Anche l’edizione 2023 è stata aperta dalle competizioni open, anteprima della kermesse, con le tre tappe svoltesi il 23 e 27 giugno e il 7 luglio, alle quali hanno partecipato 81 atleti (agonisti e master) di undici nazioni (Argentina, Australia, Brasile, Egitto, Guatemala, Messico, Italia, Spagna, Svezia, Turchia ed Usa) tra le varie sezioni Solo, Duo e Staffette. Un successo in termini di partecipazione già riscontrato per l’anno prossimo, tanto che due prove open sono già sold out.

 

Per l’ottava volta la Capri-Napoli assegna il trofeo Giulio Travaglio, targato Coni Campania, destinato al miglior italiano in gara e istituito per celebrare il campionissimo di Baia. Al miglior under in classifica generale andrà invece il trofeo Filippo Calvino. Le immagini salienti, con la diretta della parte finale, verranno trasmesse dall’emittente TeleCapri, che ha rinnovato la partnership con un premio messo in palio che verrà assegnato alla migliore prestazione di un campano in gara.

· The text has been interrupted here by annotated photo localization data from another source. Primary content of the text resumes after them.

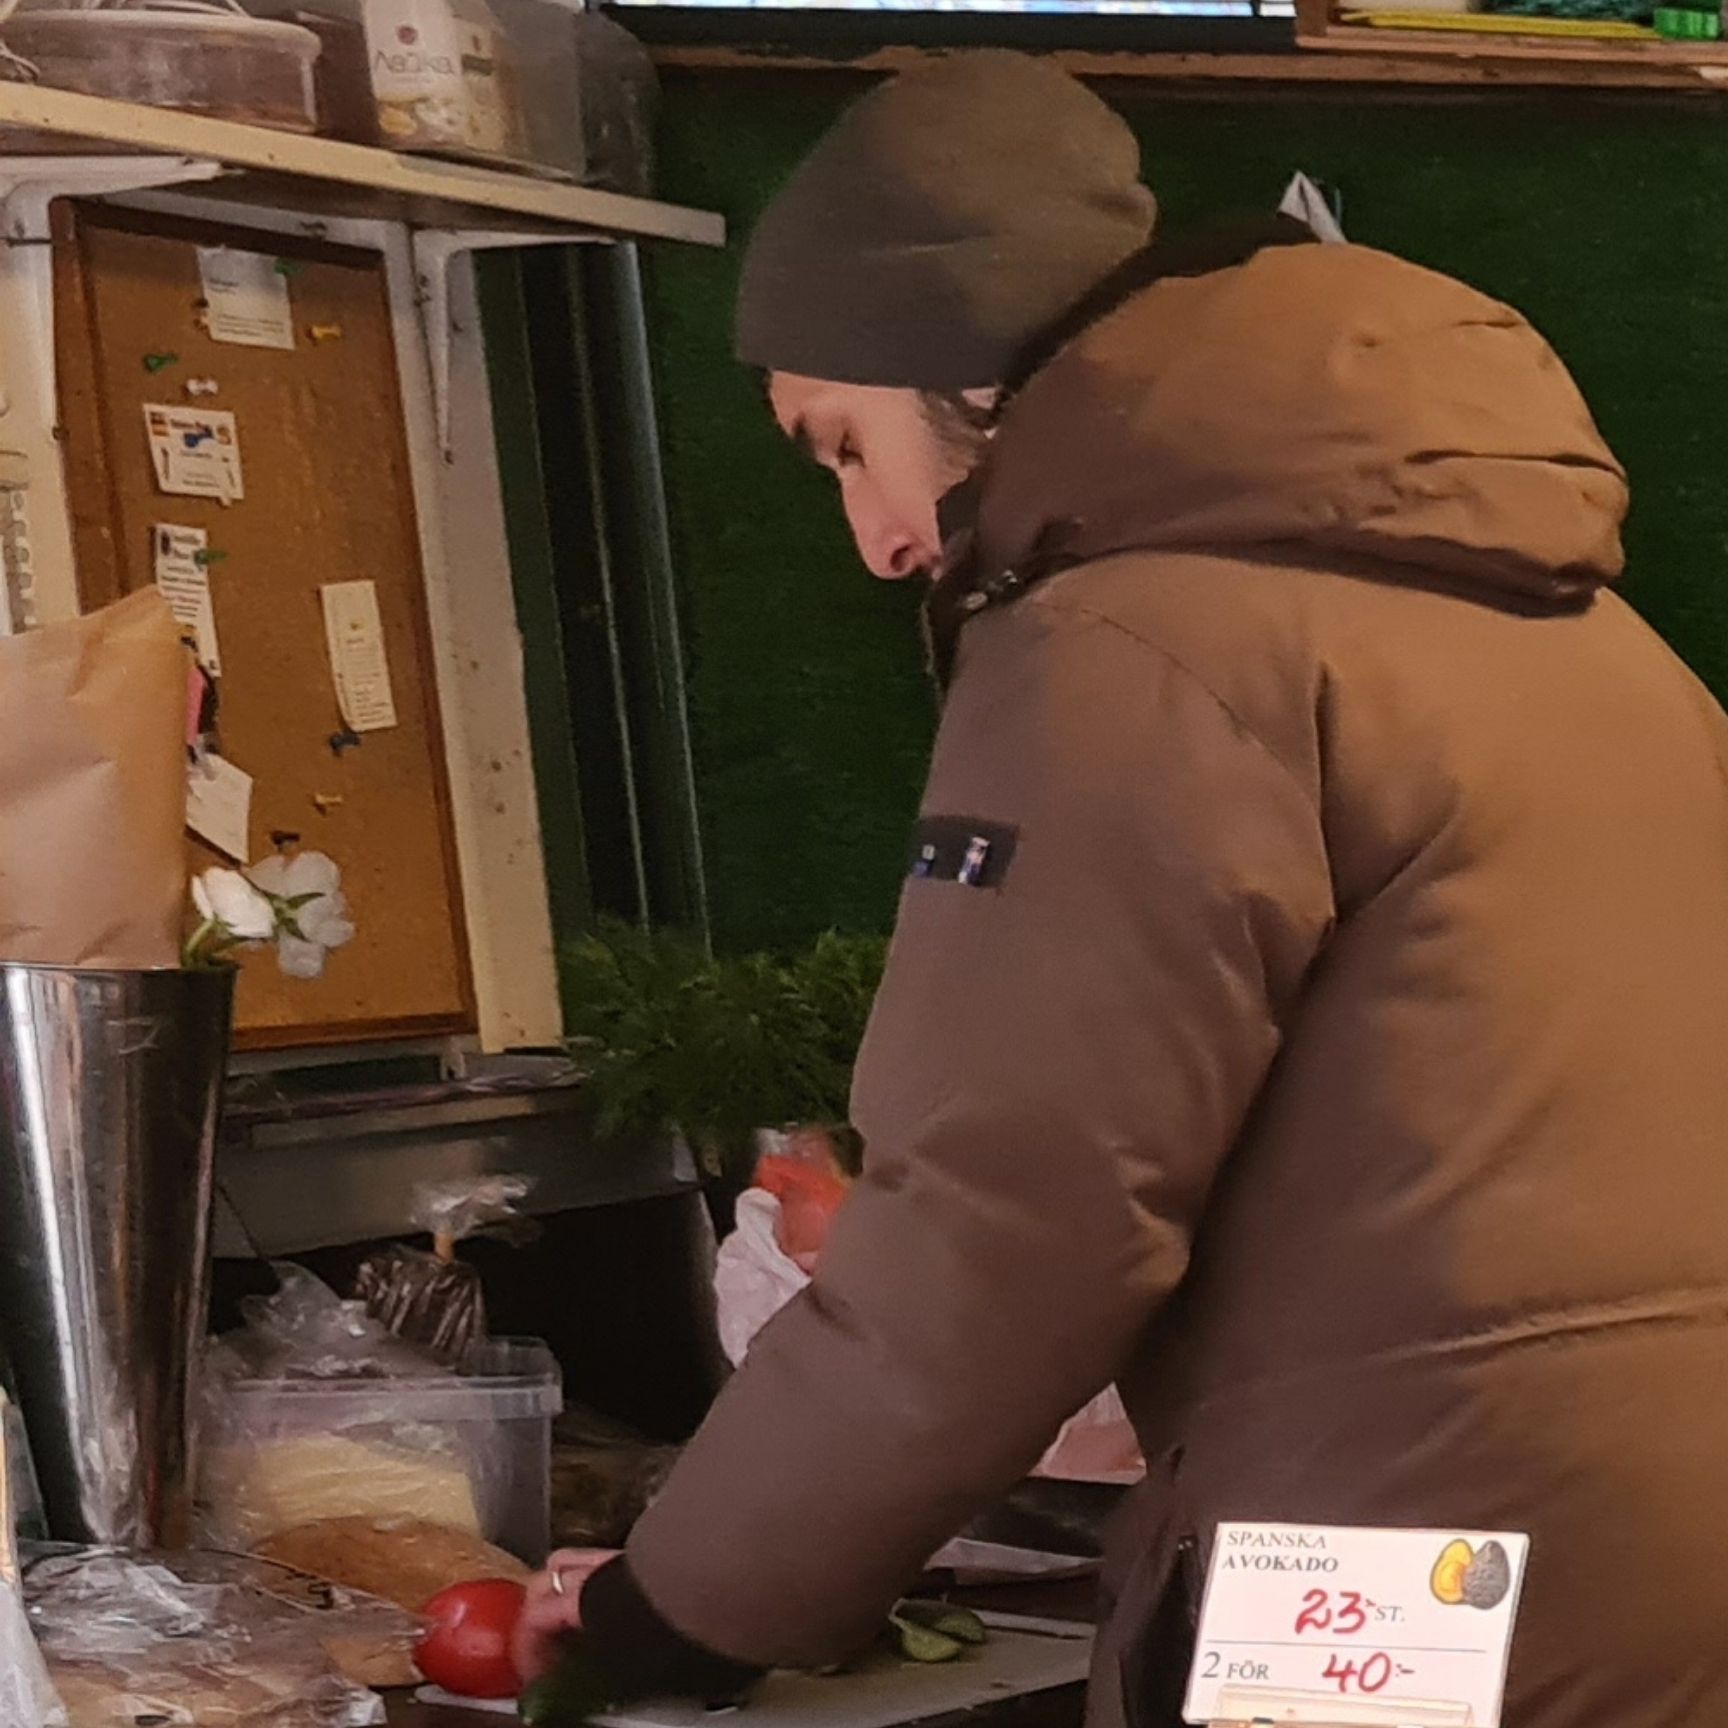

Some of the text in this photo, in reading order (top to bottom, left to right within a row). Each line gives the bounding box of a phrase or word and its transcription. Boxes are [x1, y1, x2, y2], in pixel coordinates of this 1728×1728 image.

[1226, 1530, 1327, 1549] SPANSKA
[1222, 1554, 1339, 1573] AVOKADO
[1375, 1605, 1406, 1623] ST.
[1201, 1650, 1221, 1679] 2
[1227, 1660, 1269, 1681] FÖR

Prima dell’arrivo dei nuotatori impegnati nella traversata da Capri a Napoli, le acque antistanti il Circolo Canottieri ospiteranno il memorial Marco Pirone, competizione nata per ricordare il nuotatore e pallanuotista scomparso lo scorso dicembre e che proprio con la Canottieri, negli anni ’70, ottenne grandi risultati. Verrà disputata nello specchio d’acqua antistante il Molosiglio e via Nazario Sauro anche una prova di nuoto in acque libere sulla distanza del miglio marino, competizione che il comitato regionale della Fin ha voluto impreziosire con il titolo di campionato regionale di mezzo fondo sprint. Accanto alla prova agonistica, anche una non competitiva sui 900 metri. Come sempre, tutte le manifestazioni saranno ben visibili dal lungomare di via Nazario Sauro.

 

Dopo il convegno svoltosi lunedì 4 settembre al Circolo Canottieri Napoli, con tematica medico/sportiva, coordinato dal professor Giuseppe Noschese, lunedì 11 settembre previsto un altro incontro, in questo caso curato da Maurizio Castagna, con al centro lo sport e la disabilità, iniziativa che riprende ed amplia l’esperienza dello scorso 7 luglio, quando atleti Special Olympics hanno nuotato il tratto finale dell’ultima prova open, emozionando il pubblico presente sul lungomare. Da segnare l’ormai consueto e apprezzato saluto ai nuotatori, il giorno prima della gara, venerdì 8 settembre, presso gli spazi del Caffè Gambrinus gentilmente offerti dai responsabili dello storico salotto di piazza Trieste e Trento.